[Problem requirements] Among the entries below, find each line with "left" and show it.

+--

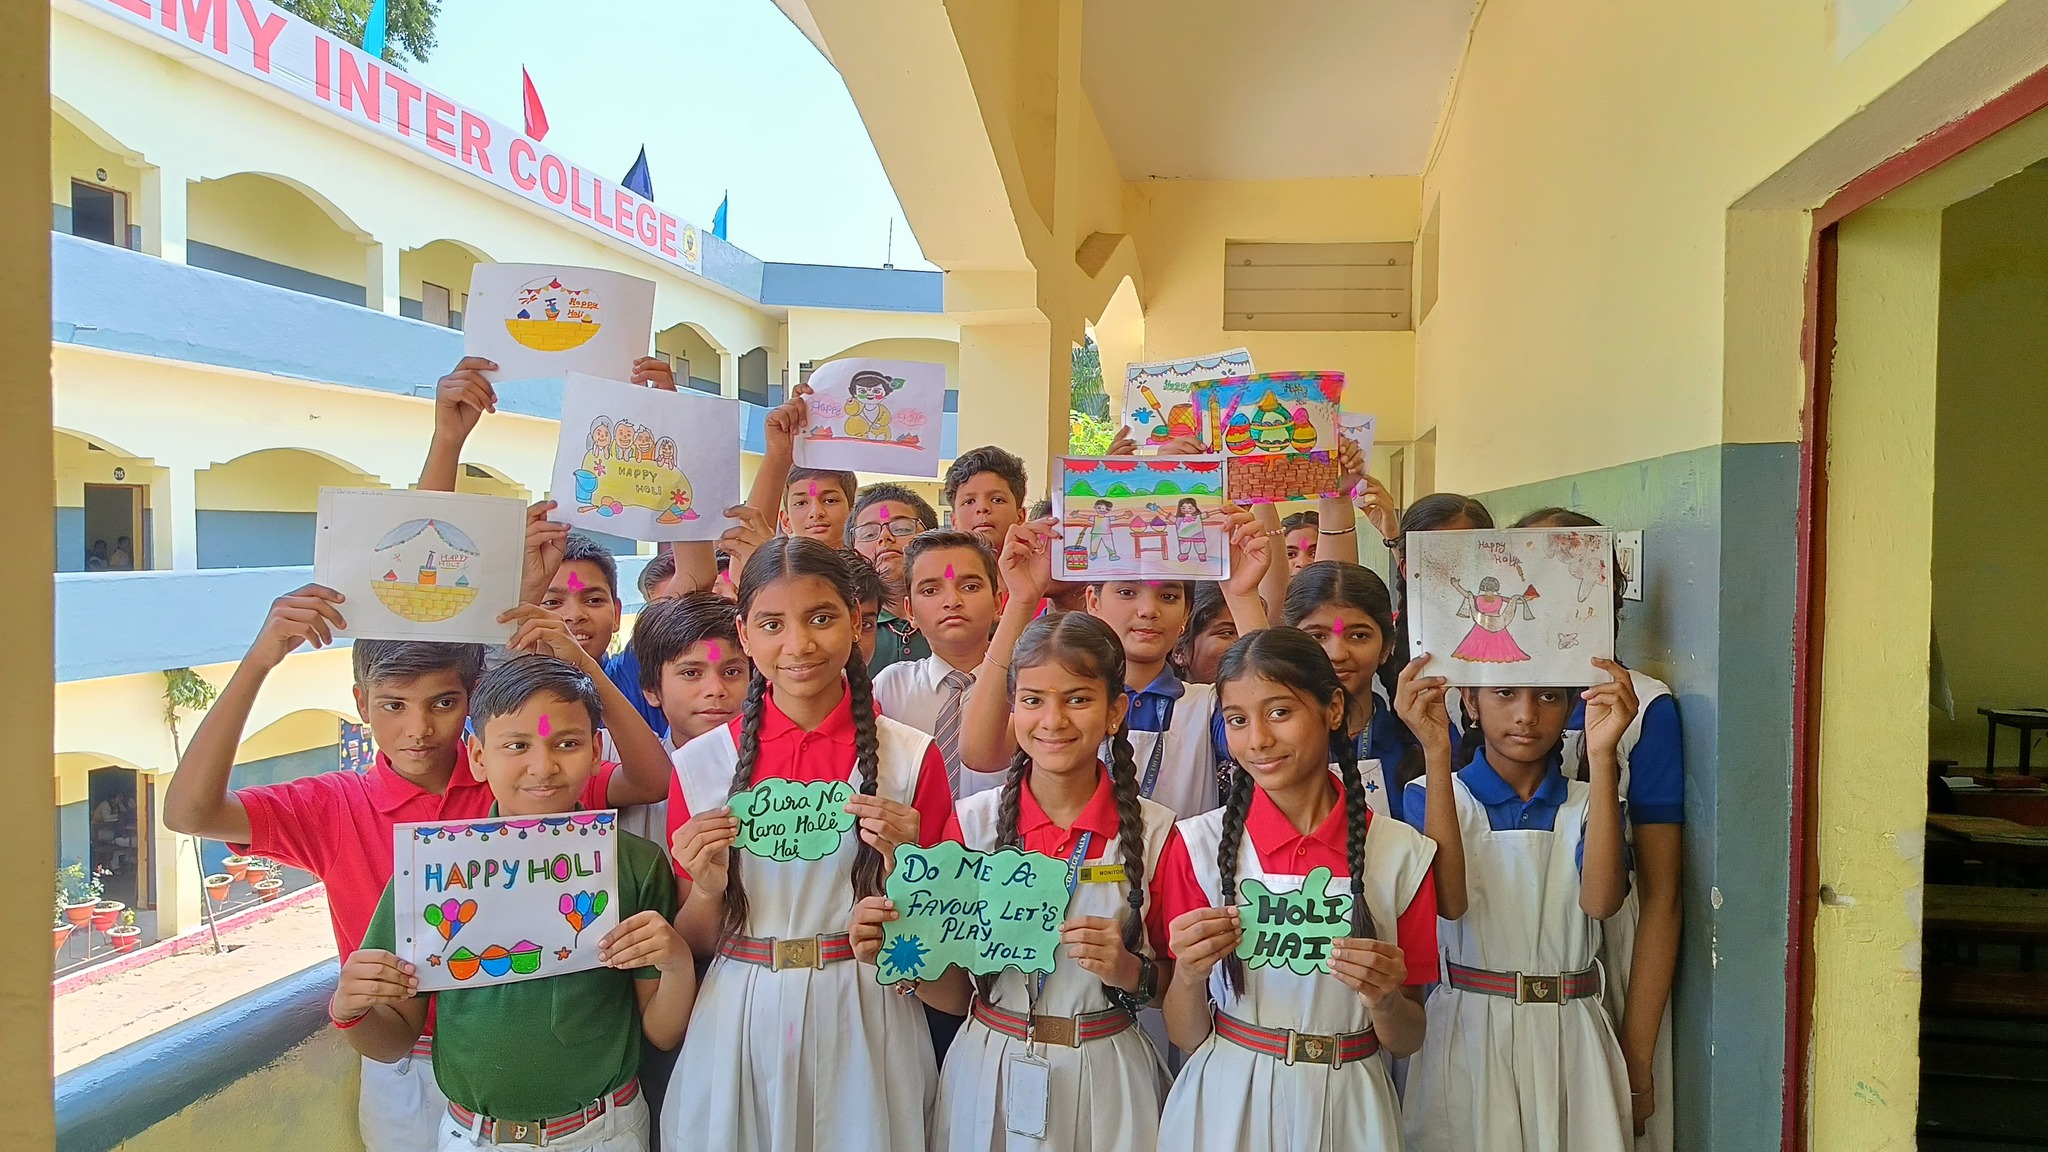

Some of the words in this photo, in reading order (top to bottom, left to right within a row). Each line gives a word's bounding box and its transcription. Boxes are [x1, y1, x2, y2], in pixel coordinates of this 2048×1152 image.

[108, 0, 287, 74] MY
[315, 35, 493, 174] INTER
[509, 138, 677, 257] COLLEGE
[618, 466, 658, 482] HAPPY
[636, 485, 662, 496] HOLI
[1478, 540, 1506, 553] Happy
[748, 786, 811, 817] Bura
[816, 781, 846, 811] Na
[736, 818, 786, 842] Mano
[425, 859, 520, 892] HAPPY
[528, 850, 601, 883] HOLI
[954, 857, 993, 882] ME
[906, 889, 991, 926] FAVOUR
[1000, 901, 1058, 931] LET'S
[1257, 895, 1343, 925] HOLI
[940, 917, 992, 943] PLAY
[980, 942, 1036, 960] HOLI
[1253, 931, 1331, 960] HAI
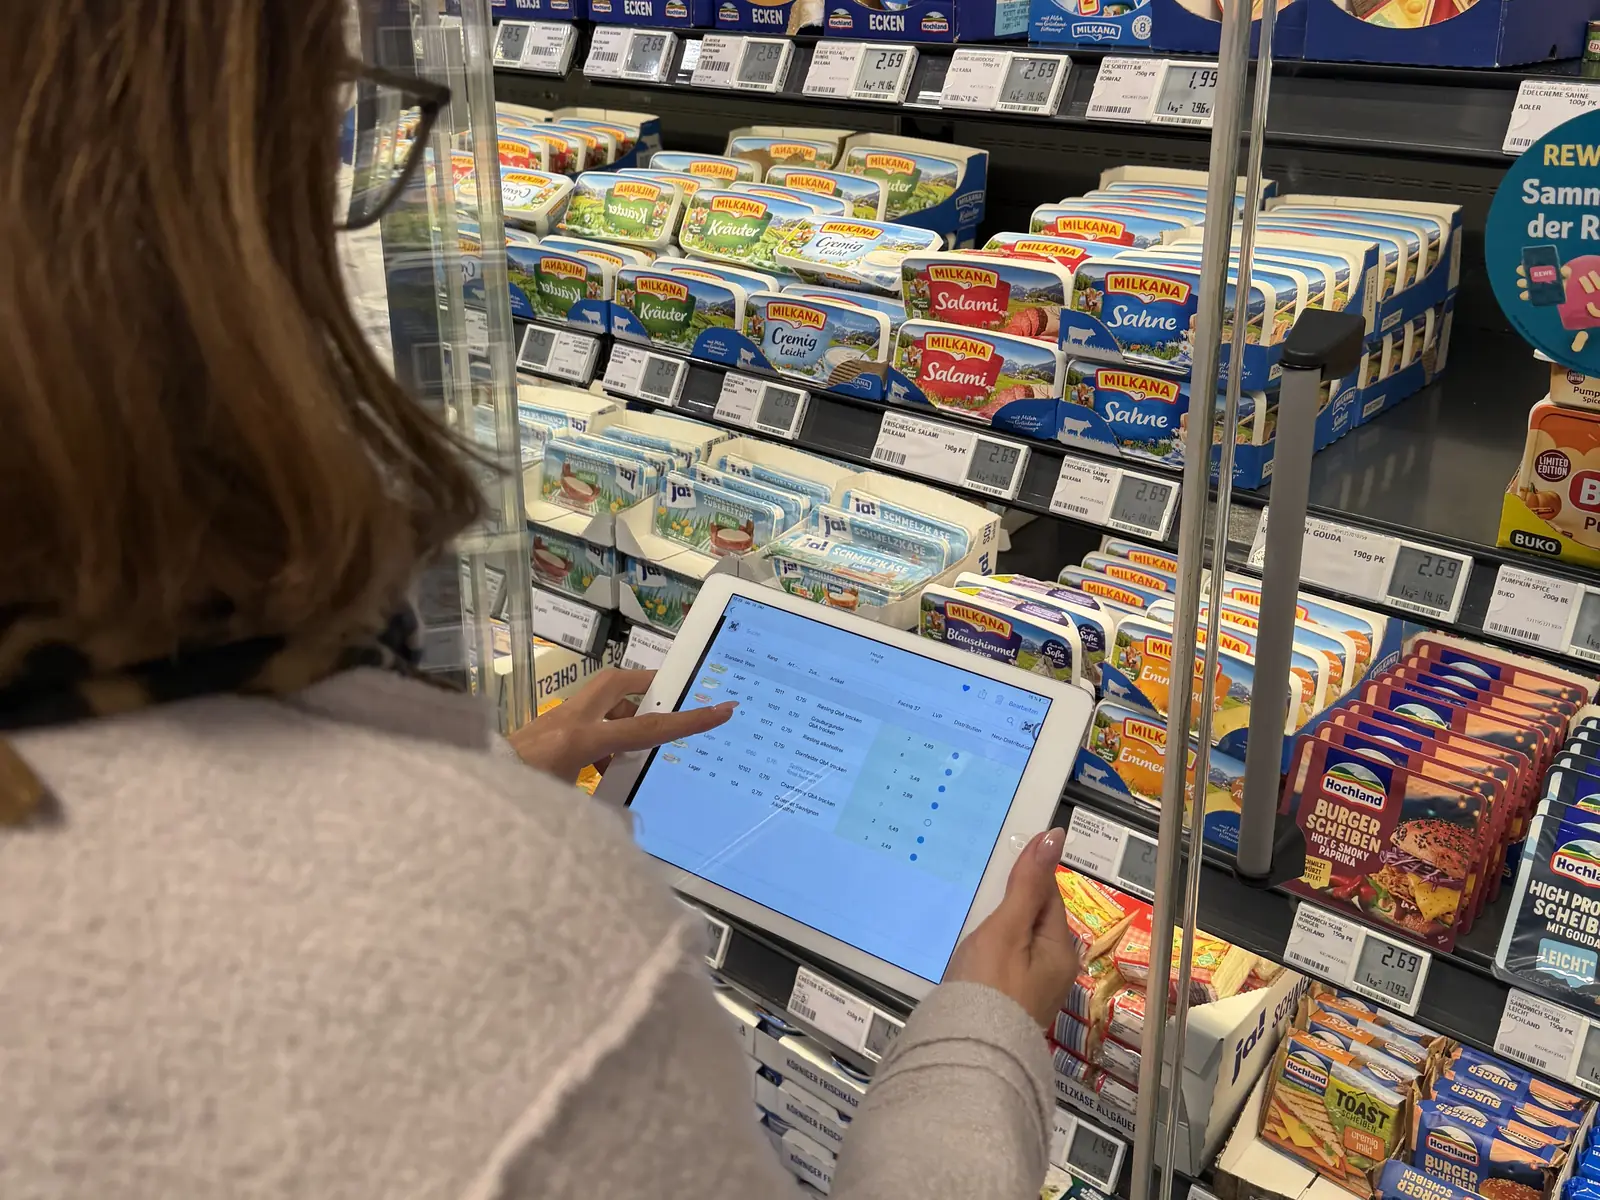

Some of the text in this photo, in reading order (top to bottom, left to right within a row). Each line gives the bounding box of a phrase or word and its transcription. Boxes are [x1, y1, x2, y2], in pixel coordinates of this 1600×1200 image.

[624, 0, 653, 17] ECKEN
[666, 9, 687, 17] Hochland
[719, 12, 739, 20] Hochland
[752, 8, 783, 25] ECKEN
[829, 18, 852, 27] Hochland
[869, 14, 905, 32] ECKEN
[921, 20, 949, 32] Hochland
[1077, 26, 1116, 36] MILKANA
[1139, 23, 1147, 33] 8
[875, 52, 904, 70] 2.69
[1024, 61, 1056, 80] 2.69
[1188, 71, 1218, 90] 1.99
[1522, 89, 1564, 98] EDELCREME
[1569, 98, 1586, 107] 100g
[870, 156, 913, 172] MILKANA
[1543, 143, 1600, 167] REW
[789, 176, 832, 192] MILKANA
[1521, 177, 1600, 206] Samm
[716, 198, 763, 216] MILKANA
[708, 219, 761, 238] Kräuter
[828, 223, 875, 238] MILKANA
[1062, 219, 1118, 236] MILKANA
[1527, 212, 1573, 239] der
[815, 236, 864, 252] Cremig
[819, 247, 847, 258] Leicht
[1020, 242, 1077, 257] MILKANA
[934, 267, 993, 286] MILKANA
[1533, 268, 1553, 278] REWE
[640, 280, 684, 298] MILKANA
[1113, 276, 1182, 299] MILKANA
[934, 291, 998, 314] Salami
[639, 302, 688, 323] Kräuter
[772, 305, 820, 326] MILKANA
[1106, 303, 1178, 331] Sahne
[771, 326, 818, 352] Cremig
[930, 336, 987, 356] MILKANA
[779, 342, 807, 359] Leicht
[923, 362, 988, 388] Salami
[1104, 375, 1171, 398] MILKANA
[1102, 401, 1170, 429] Sahne
[882, 428, 906, 439] MILKANA
[917, 428, 940, 439] SALAMI
[944, 443, 967, 455] 190g PK
[989, 445, 1018, 465] 2.69
[1537, 465, 1569, 477] EDITION
[1539, 456, 1569, 468] LIMITED
[1135, 482, 1168, 502] 2.69
[823, 514, 847, 538] ja!
[1313, 529, 1342, 543] GOUDA
[1514, 533, 1557, 553] BUKO
[1133, 553, 1176, 572] MILKAN
[1353, 549, 1386, 564] 190g PK
[1417, 555, 1458, 579] 2.69
[1111, 568, 1161, 590] MILKANA
[1500, 576, 1531, 589] PUMPKIN
[1531, 583, 1551, 593] SPICE
[1084, 582, 1137, 606] MILKANA
[1497, 589, 1515, 599] BUKO
[1543, 592, 1559, 603] 200g
[951, 604, 1005, 633] MILKANA
[946, 627, 1016, 658] Blauschimmel
[1079, 631, 1098, 642] Soße
[1044, 647, 1065, 659] Soße
[733, 672, 746, 682] Lager
[830, 676, 845, 685] Artikel
[726, 687, 739, 697] Lager
[774, 687, 785, 696] 1011
[816, 702, 863, 724] Riesling QbA trocken
[932, 711, 943, 720] LVP
[1008, 700, 1039, 716] Bearbeiten
[808, 721, 836, 736] QbA trocken
[810, 715, 845, 732] Grauburgunder
[953, 718, 983, 734] Distribution
[753, 733, 764, 741] 1021
[802, 733, 844, 753] Riesling alkoholfrei
[695, 747, 709, 757] Lager
[688, 763, 701, 773] Lager
[794, 749, 819, 763] Dornfelder
[818, 758, 829, 767] QbA
[829, 763, 848, 774] trocken
[730, 779, 739, 788] 104
[1325, 778, 1384, 807] Hochland
[807, 792, 836, 808] QbA trocken
[1314, 798, 1382, 836] BURGER
[1305, 813, 1382, 854] SCHEIBEN
[1310, 832, 1370, 862] HOT & SMOKY
[1318, 845, 1356, 868] PAPRIKA
[1528, 879, 1600, 917] HIGH PRO
[1298, 917, 1319, 929] BURGER
[1299, 911, 1328, 926] SANDWICH
[1533, 898, 1599, 935] SCHEIB
[1296, 922, 1325, 938] HOCHLAND
[1332, 930, 1354, 943] 150g PK
[1546, 921, 1600, 949] MIT GOUDA
[1380, 945, 1418, 973] 2.69
[1508, 1005, 1530, 1017] LEICHT
[1509, 999, 1561, 1025] SANDWICH SCHB.
[1325, 1016, 1364, 1037] TOAST
[1506, 1012, 1541, 1031] HOCHLAND
[1549, 1020, 1574, 1036] 150g PK
[1231, 1006, 1268, 1086] ja!
[786, 1058, 819, 1085] KÖRNIGER
[1286, 1060, 1327, 1086] Hochland
[1467, 1063, 1519, 1092] BURGER
[1450, 1082, 1502, 1109] BURGER
[786, 1103, 819, 1130] KÖRNIGER
[1335, 1088, 1390, 1130] TOAST
[1435, 1102, 1487, 1129] BURGER
[1341, 1109, 1378, 1134] SCHEIBEN
[1351, 1130, 1379, 1151] cremig
[1355, 1142, 1373, 1156] mild
[1428, 1137, 1477, 1164] Hochland
[790, 1153, 823, 1179] KÖRNIGER
[1424, 1153, 1478, 1184] BURGER
[1402, 1168, 1453, 1198] SCHEIBEN

+--

[Task result]
Some of the words in this photo, in reading order (top to bottom, left to right within a row). Each line gives a word's bounding box and its transcription. Boxes are [x1, y1, x2, y2], in pixel coordinates of this 2048×1152 image.
Some of the text in this photo, in reading order (top to bottom, left to right within a row). Each line gives the bounding box of a phrase or word and its transcription. Boxes are [x1, y1, x2, y2], in pixel coordinates of this 1600×1200 image.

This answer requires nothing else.